**WHAT TO PRODUCE**: Each entry is to be given again exactly; drop the images.

START DATA SHOWN

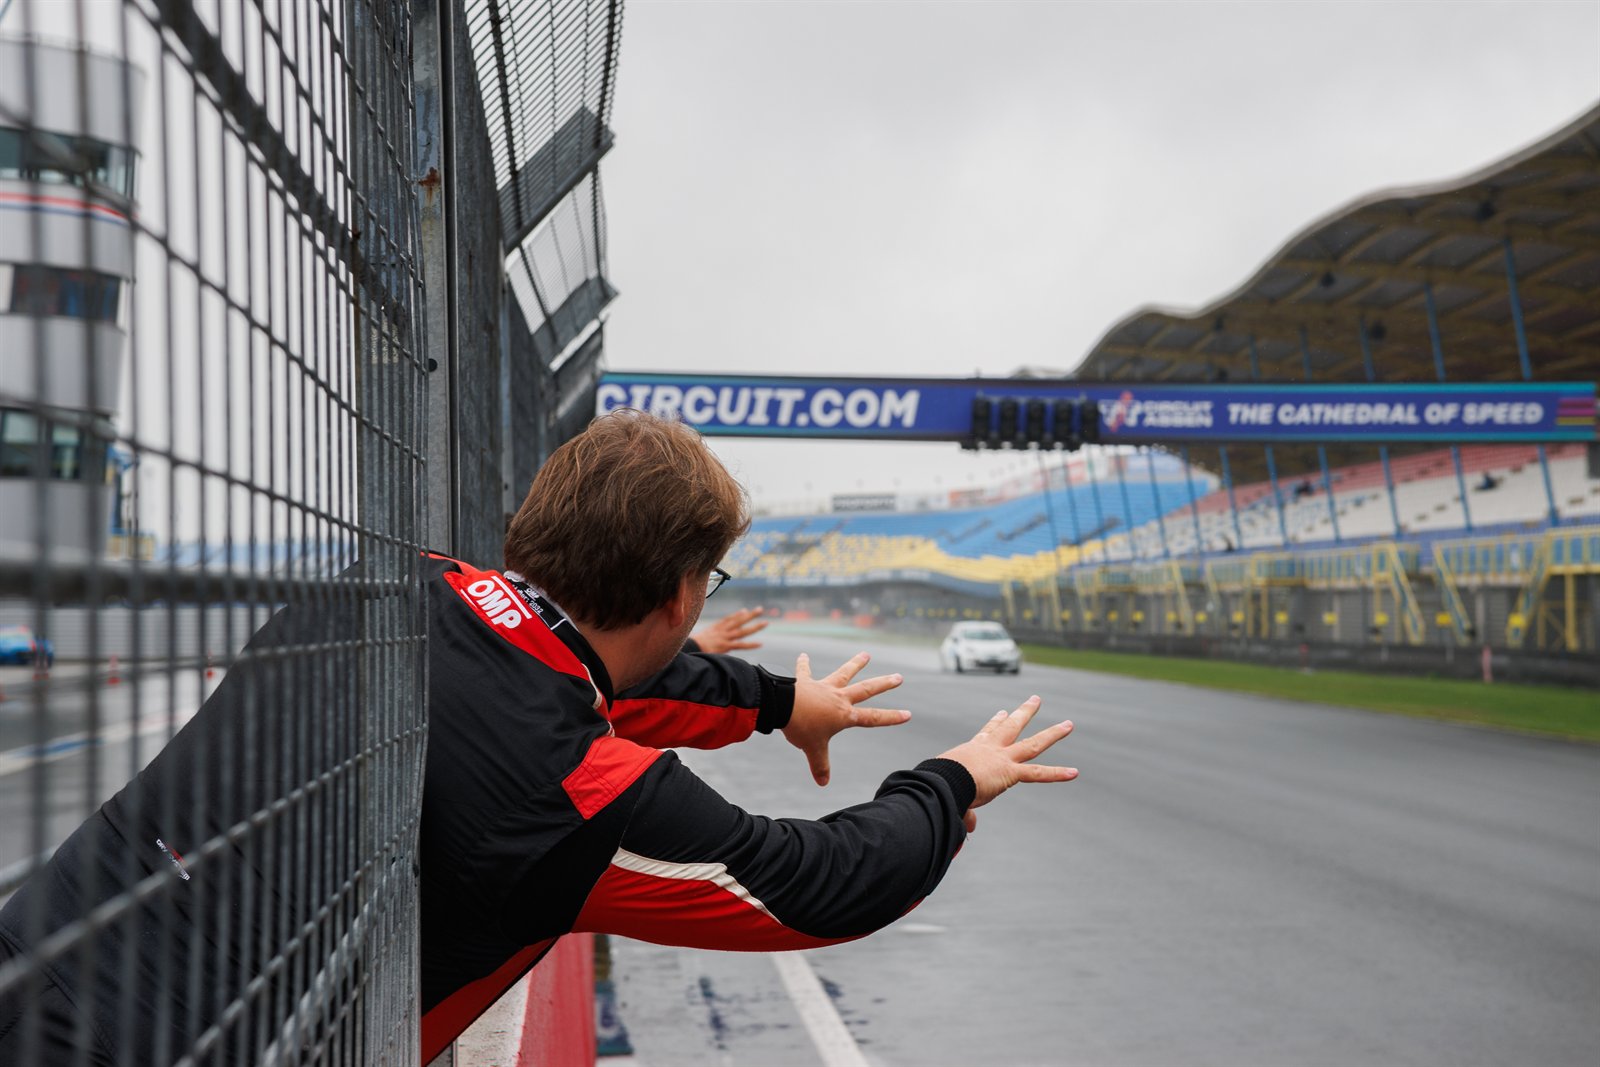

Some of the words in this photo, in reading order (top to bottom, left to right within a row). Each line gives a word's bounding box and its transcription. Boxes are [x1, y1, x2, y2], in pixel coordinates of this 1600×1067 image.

[1142, 400, 1213, 412] CIRCUIT
[1228, 403, 1274, 425] THE
[1277, 403, 1419, 425] CATHEDRAL
[1424, 403, 1459, 425] OF
[1462, 403, 1545, 425] SPEED
[1142, 412, 1213, 428] ASSEN
[467, 579, 522, 629] OMP
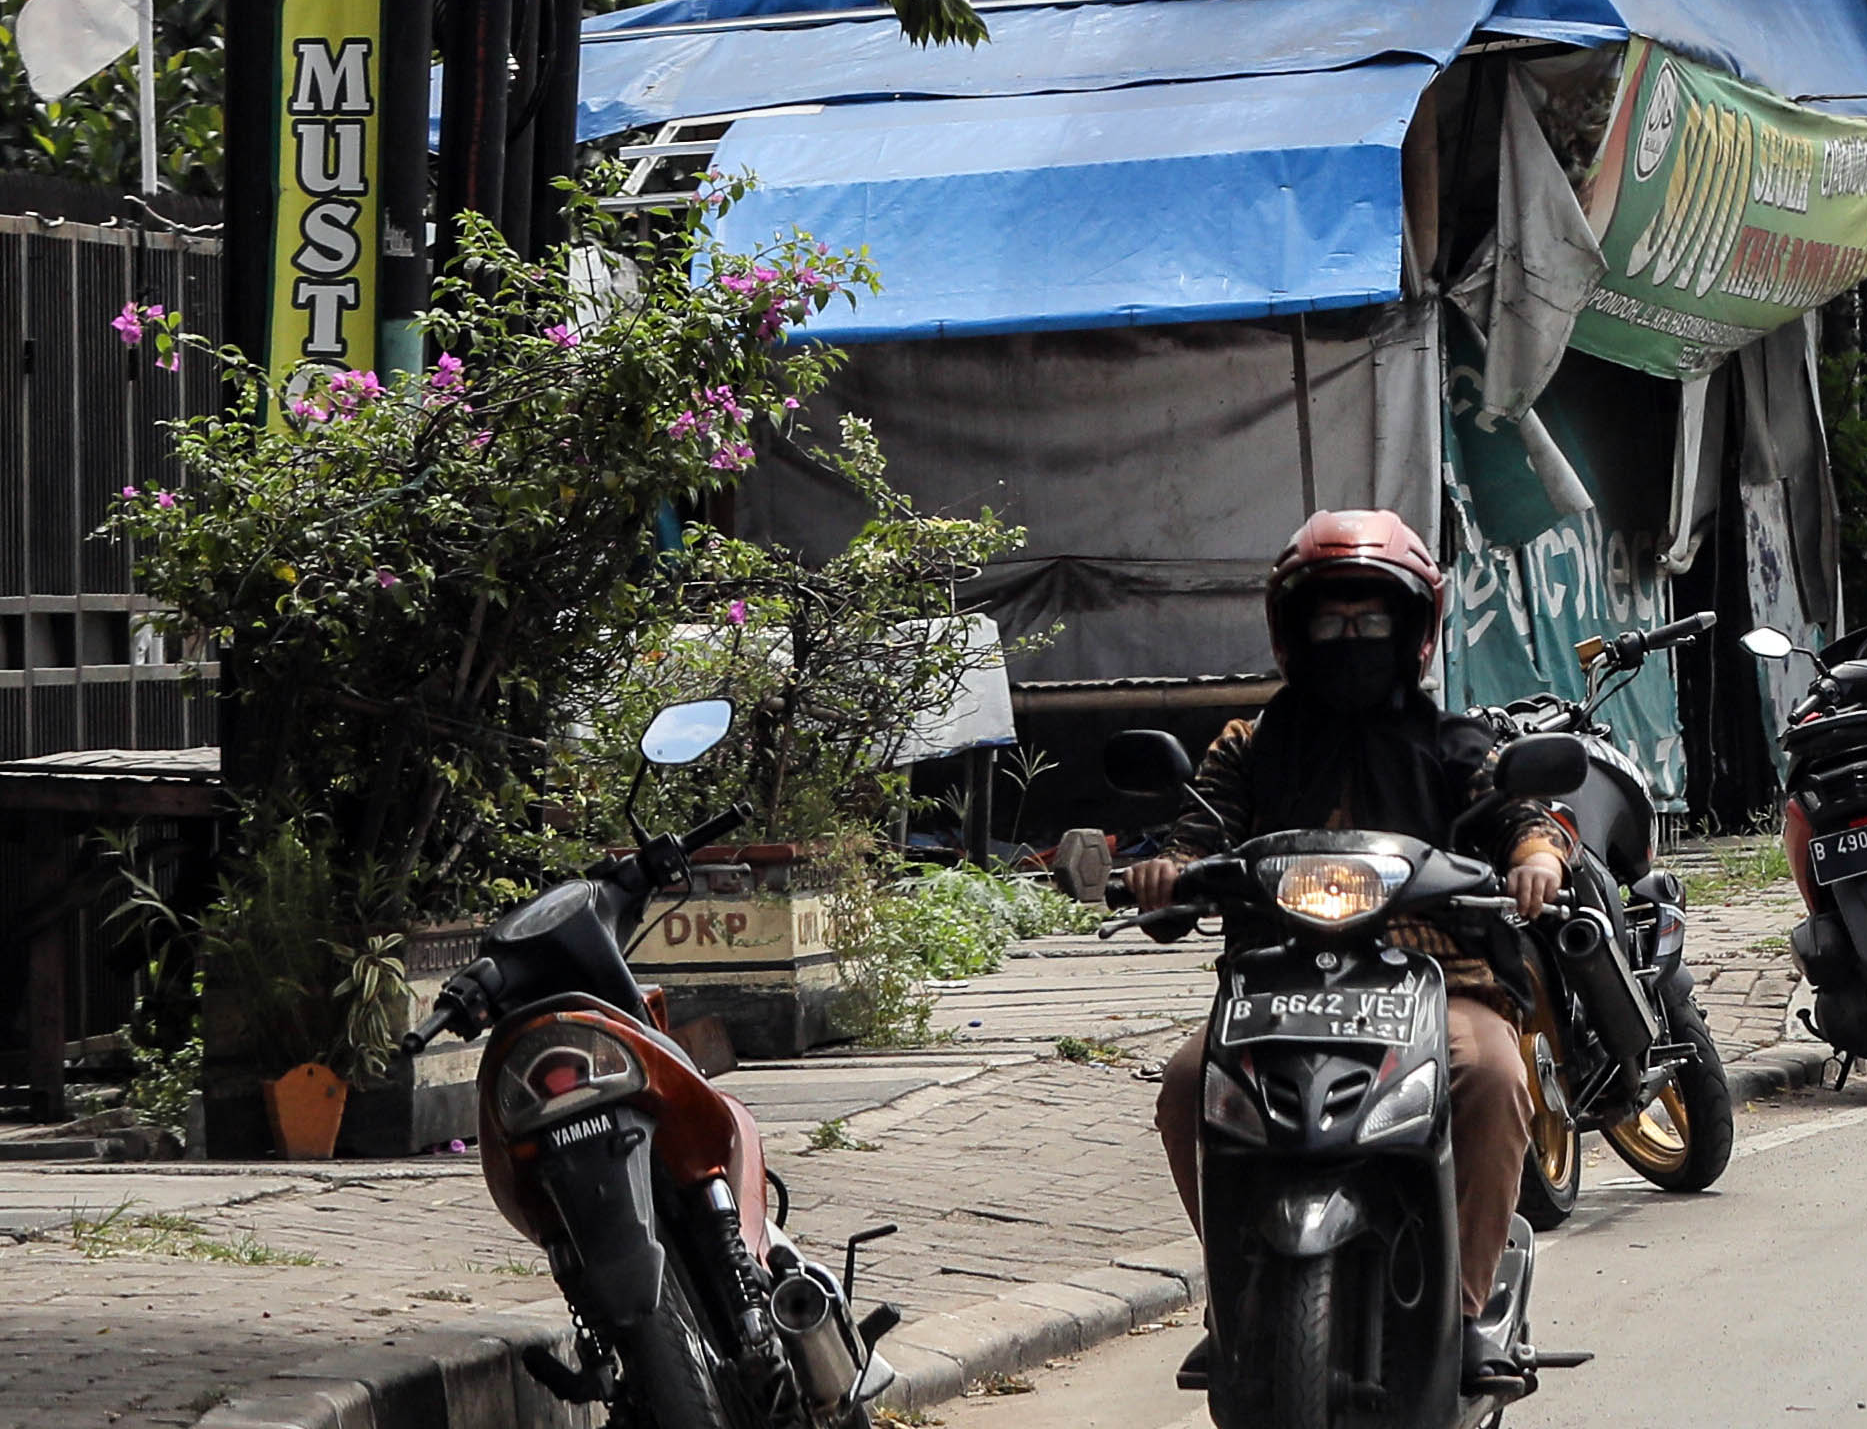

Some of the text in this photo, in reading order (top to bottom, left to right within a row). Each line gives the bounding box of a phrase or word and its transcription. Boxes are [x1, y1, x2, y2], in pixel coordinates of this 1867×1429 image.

[1813, 843, 1825, 861] B
[664, 912, 747, 946] DKP
[1233, 1002, 1250, 1018] B
[1271, 994, 1342, 1016] 6642
[551, 1114, 612, 1147] YAMAHA

END DATA SHOWN

**TASK SOLUTION**:
Some of the words in this photo, in reading order (top to bottom, left to right within a row). Each line gives a word's bounding box and its transcription. Boxes are [x1, y1, x2, y2], in pixel coordinates of this 1600×1067 image.

[1142, 400, 1213, 412] CIRCUIT
[1228, 403, 1274, 425] THE
[1277, 403, 1419, 425] CATHEDRAL
[1424, 403, 1459, 425] OF
[1462, 403, 1545, 425] SPEED
[1142, 412, 1213, 428] ASSEN
[467, 579, 522, 629] OMP

Some of the text in this photo, in reading order (top to bottom, left to right within a row). Each line gives the bounding box of a phrase or word and its transcription. Boxes are [x1, y1, x2, y2], in pixel coordinates of this 1867×1429 image.

[1813, 843, 1825, 861] B
[664, 912, 747, 946] DKP
[1233, 1002, 1250, 1018] B
[1271, 994, 1342, 1016] 6642
[551, 1114, 612, 1147] YAMAHA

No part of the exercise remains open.